Activity:
Output each record verbatim, with pictures left out.

______

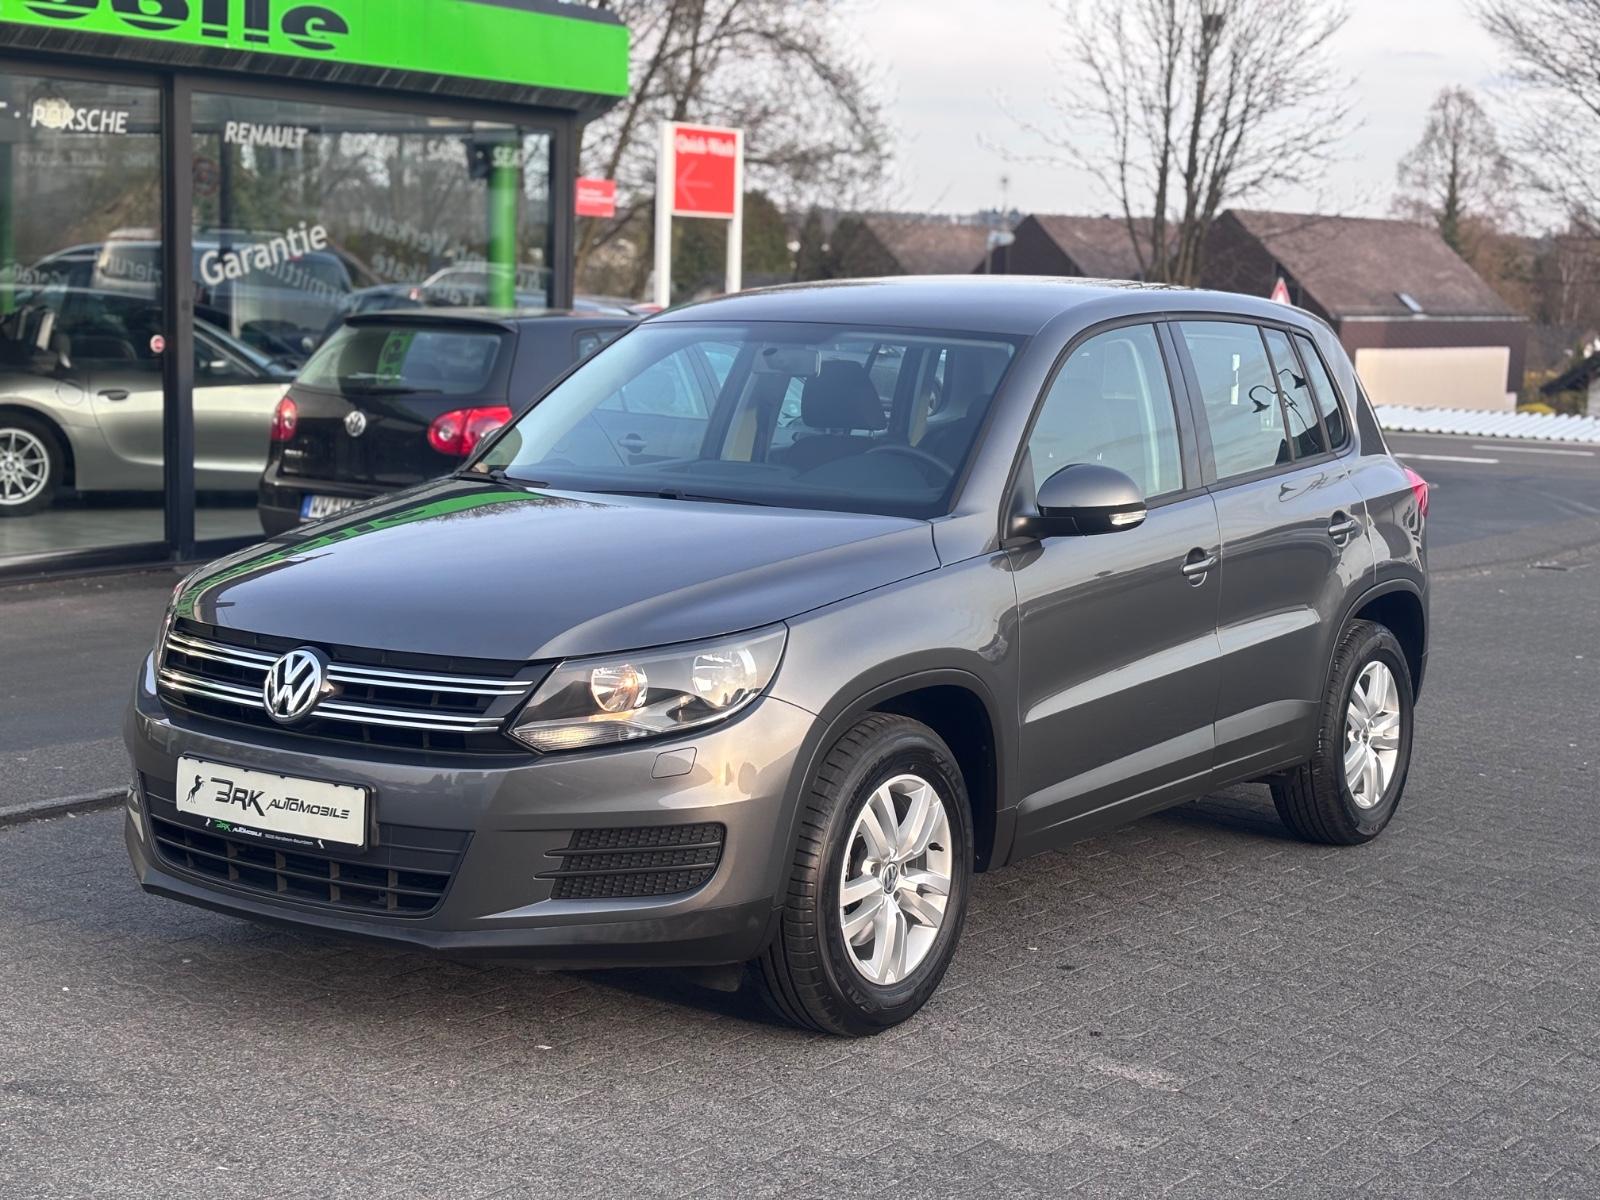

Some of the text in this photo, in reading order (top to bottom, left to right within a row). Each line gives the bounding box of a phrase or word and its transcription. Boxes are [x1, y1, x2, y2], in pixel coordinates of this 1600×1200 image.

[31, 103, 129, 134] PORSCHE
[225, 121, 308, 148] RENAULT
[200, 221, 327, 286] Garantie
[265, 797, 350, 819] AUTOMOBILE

______

Answer to this problem:
Some of the text in this photo, in reading order (top to bottom, left to right within a row). Each line gives the bounding box of a phrase or word and its transcription. Boxes are [x1, y1, x2, y2], in pixel coordinates of this 1600×1200 image.

[31, 103, 129, 134] PORSCHE
[225, 121, 308, 148] RENAULT
[200, 221, 327, 286] Garantie
[265, 797, 350, 819] AUTOMOBILE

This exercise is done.